§ **What you have to do**: Although the records contain pictures, none belong in the copy: restate word for word only the lines from the one with "Some of the text" through the one with "this 1270×1693 image.", both included.

§ **Records provided**:
----------

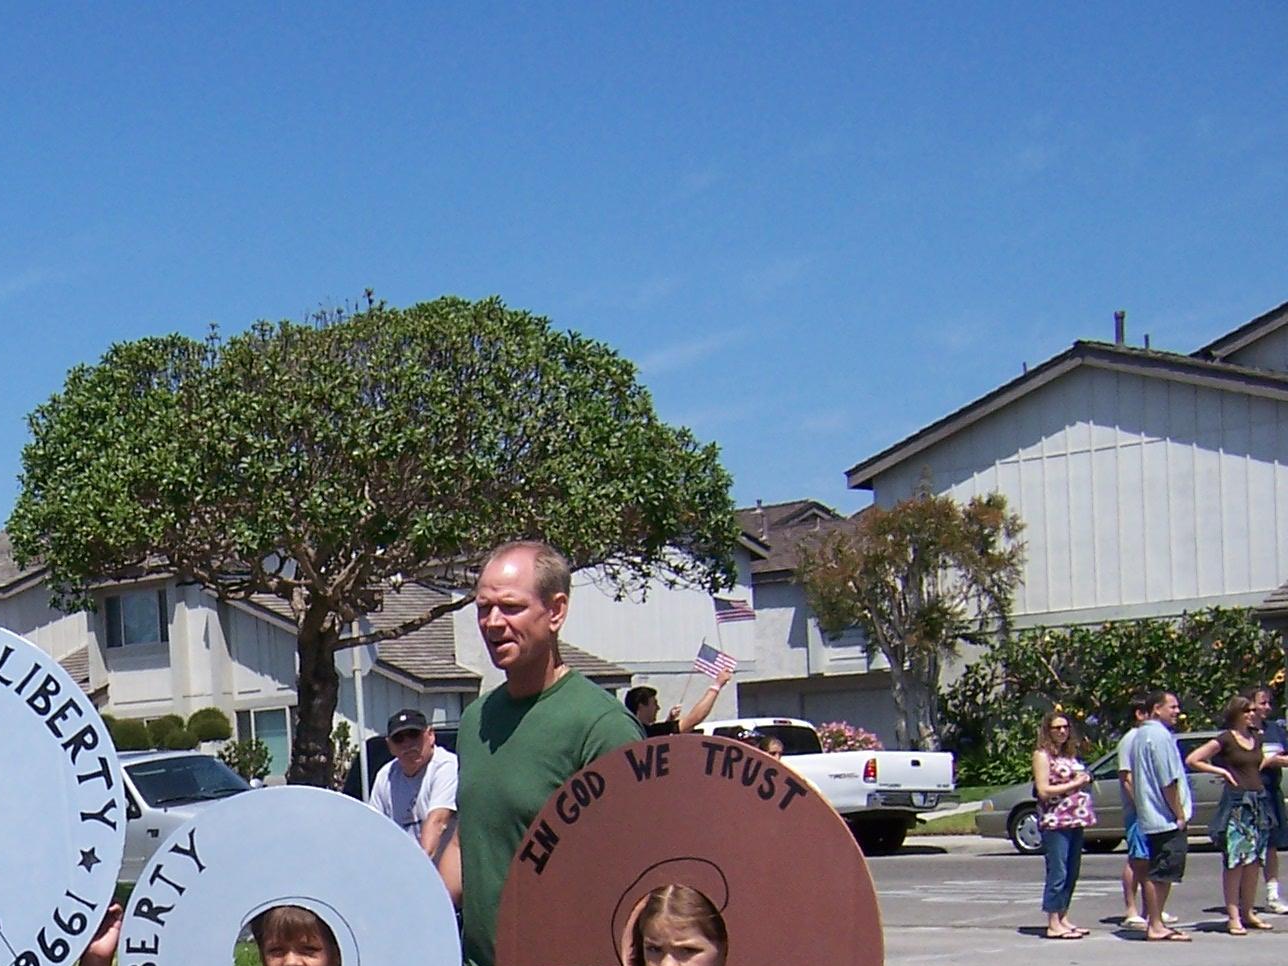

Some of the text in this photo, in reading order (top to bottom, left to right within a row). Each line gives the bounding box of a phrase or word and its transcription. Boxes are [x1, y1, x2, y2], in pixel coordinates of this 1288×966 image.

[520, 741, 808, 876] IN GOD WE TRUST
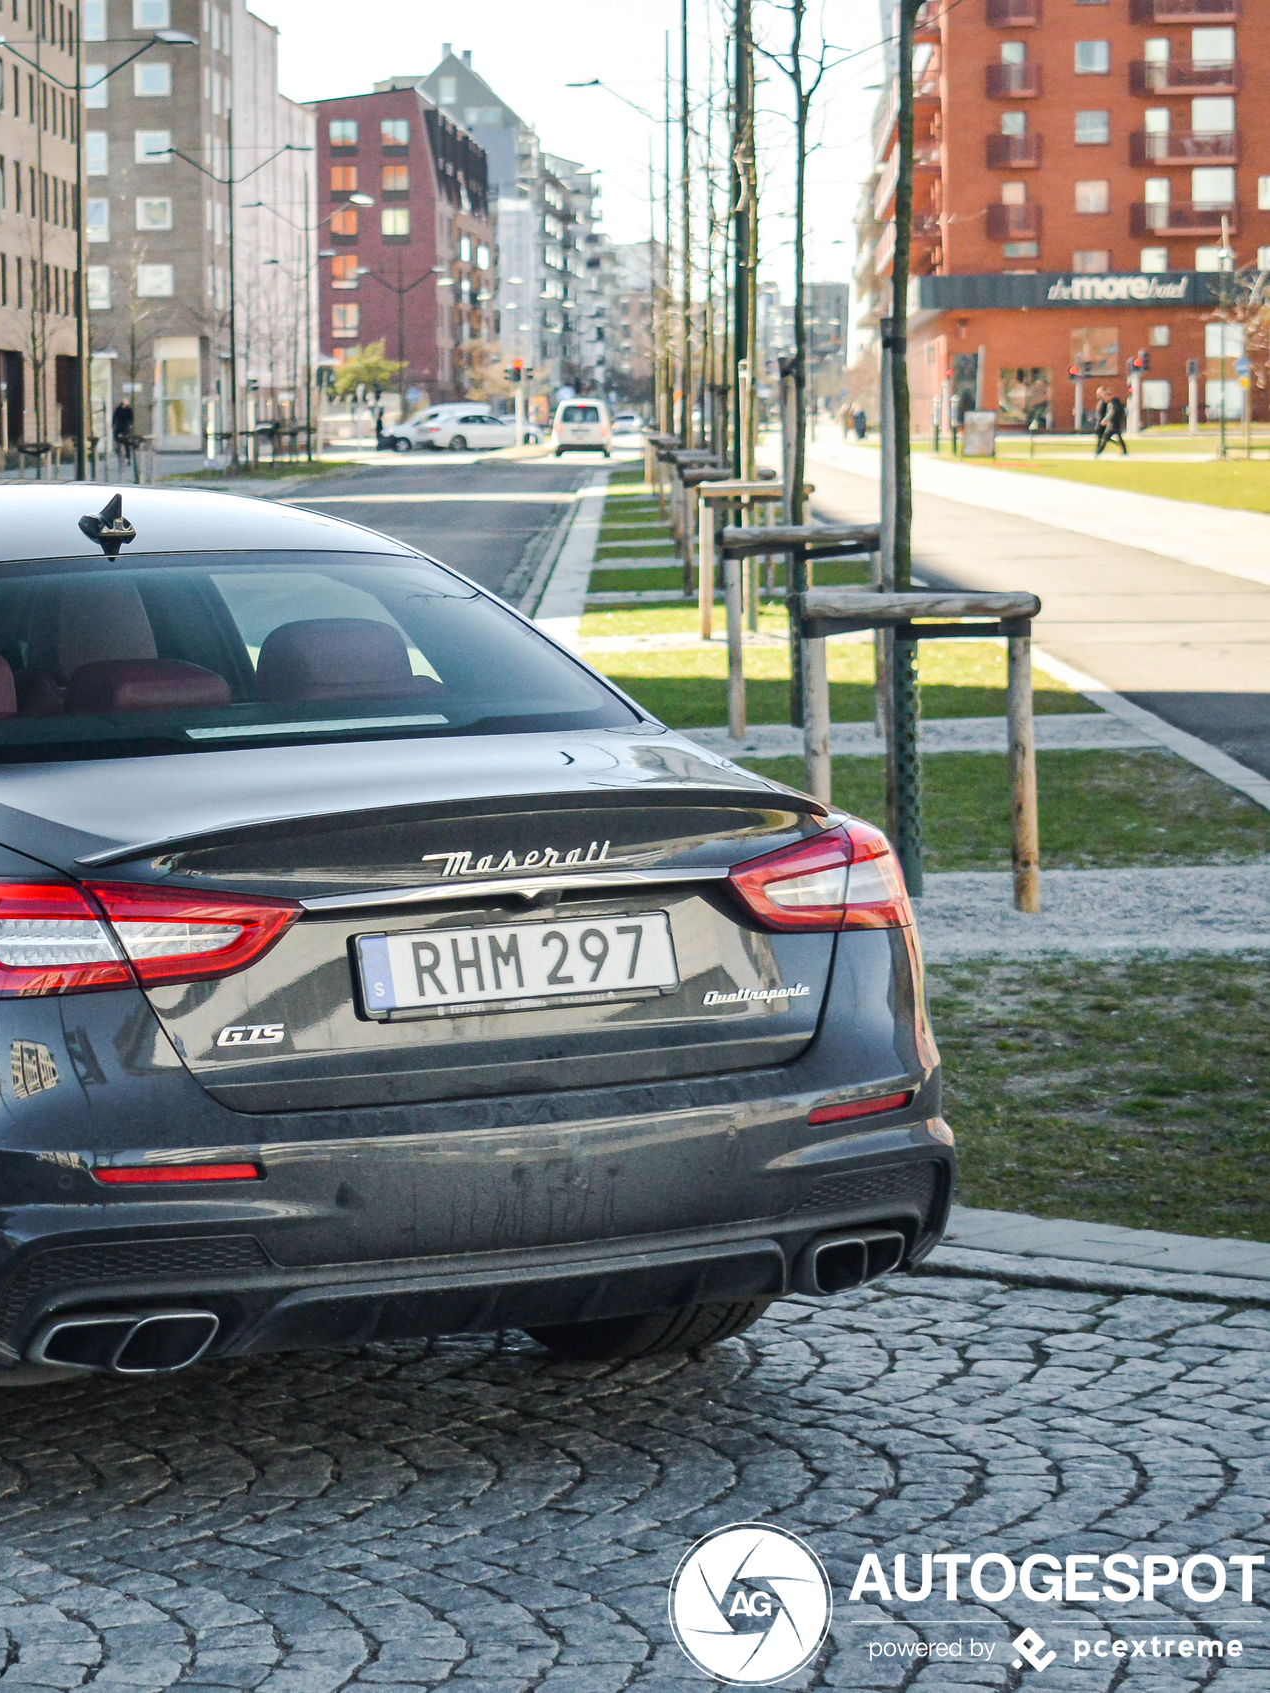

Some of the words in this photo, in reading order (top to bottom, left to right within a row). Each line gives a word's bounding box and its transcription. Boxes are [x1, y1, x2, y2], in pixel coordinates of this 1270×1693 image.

----------

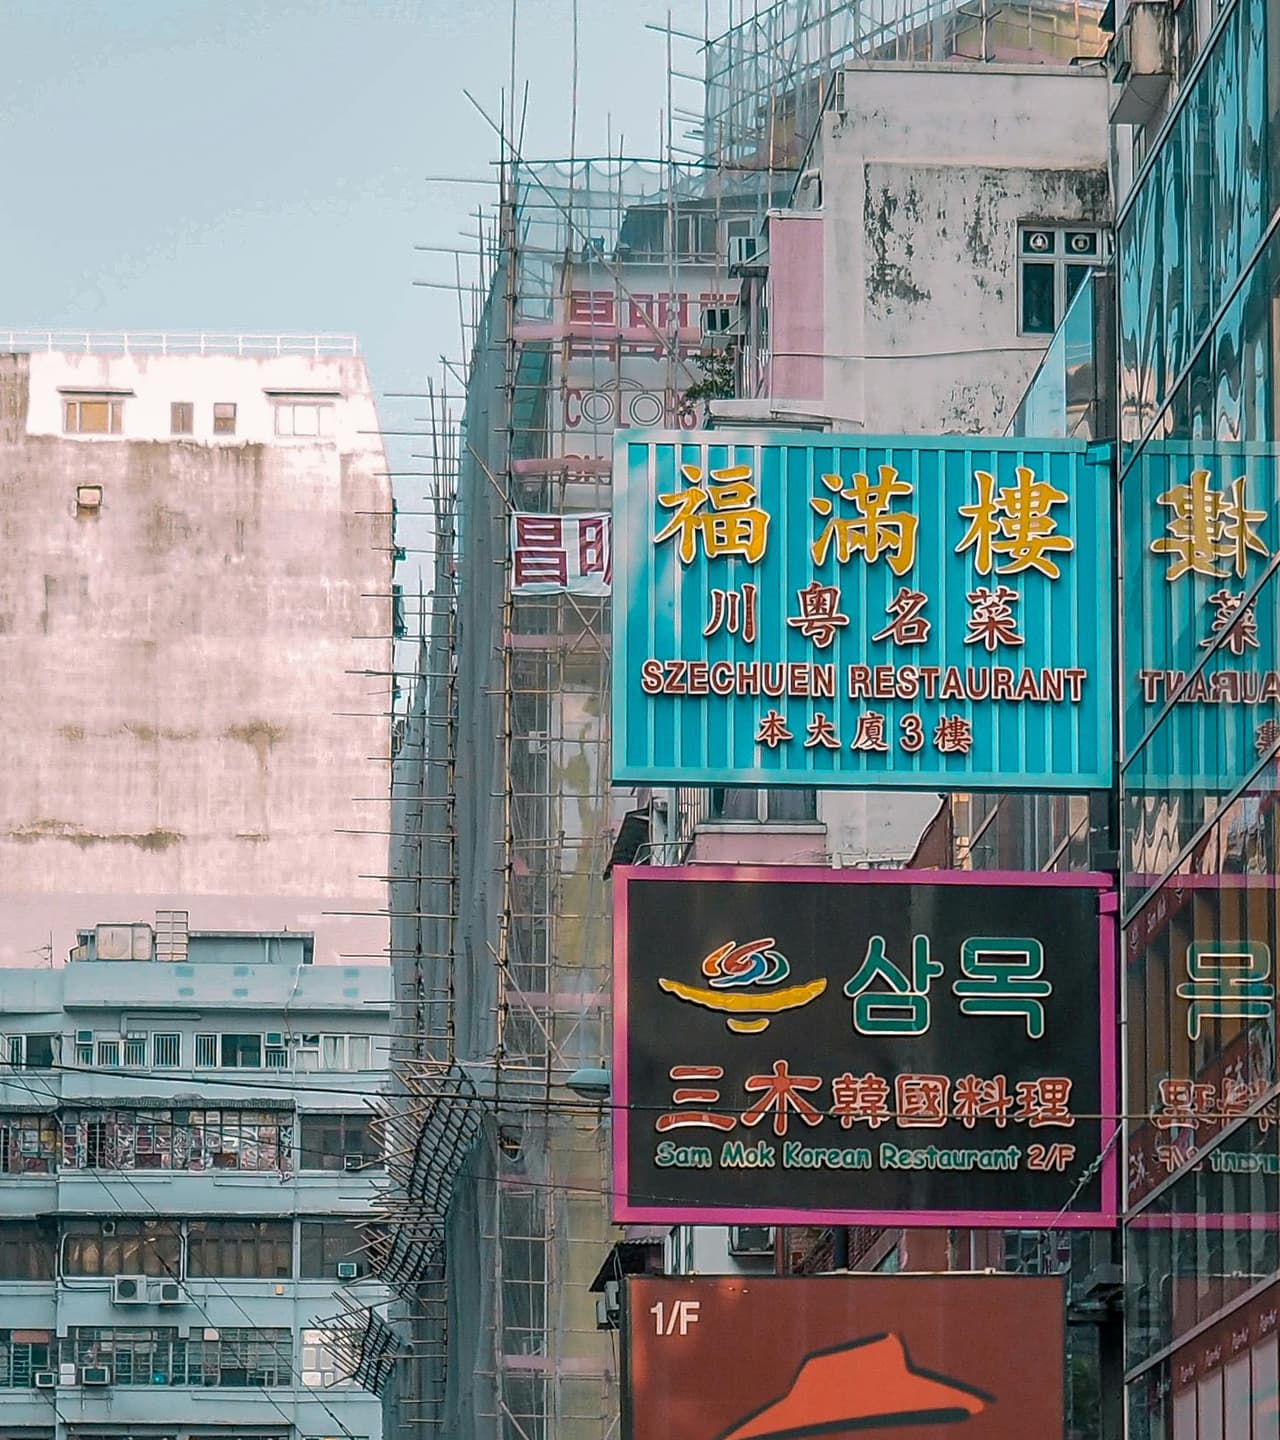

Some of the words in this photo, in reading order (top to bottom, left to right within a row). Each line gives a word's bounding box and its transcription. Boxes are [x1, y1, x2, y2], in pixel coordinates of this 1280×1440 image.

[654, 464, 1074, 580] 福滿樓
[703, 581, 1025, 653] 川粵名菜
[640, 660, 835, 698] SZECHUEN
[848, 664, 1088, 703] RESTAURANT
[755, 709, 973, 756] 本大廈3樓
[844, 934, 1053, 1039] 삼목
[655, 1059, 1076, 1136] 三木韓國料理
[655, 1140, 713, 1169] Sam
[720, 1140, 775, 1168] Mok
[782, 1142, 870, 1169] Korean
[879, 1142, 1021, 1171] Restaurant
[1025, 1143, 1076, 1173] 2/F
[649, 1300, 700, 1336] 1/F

----------

§ **Task solution**:
Some of the text in this photo, in reading order (top to bottom, left to right within a row). Each line gives the bounding box of a phrase or word and its transcription. Boxes are [x1, y1, x2, y2], in pixel coordinates of this 1288×966 image.

[520, 741, 808, 876] IN GOD WE TRUST

Some of the words in this photo, in reading order (top to bottom, left to right within a row). Each line gives a word's bounding box and its transcription. Boxes are [x1, y1, x2, y2], in pixel coordinates of this 1270×1693 image.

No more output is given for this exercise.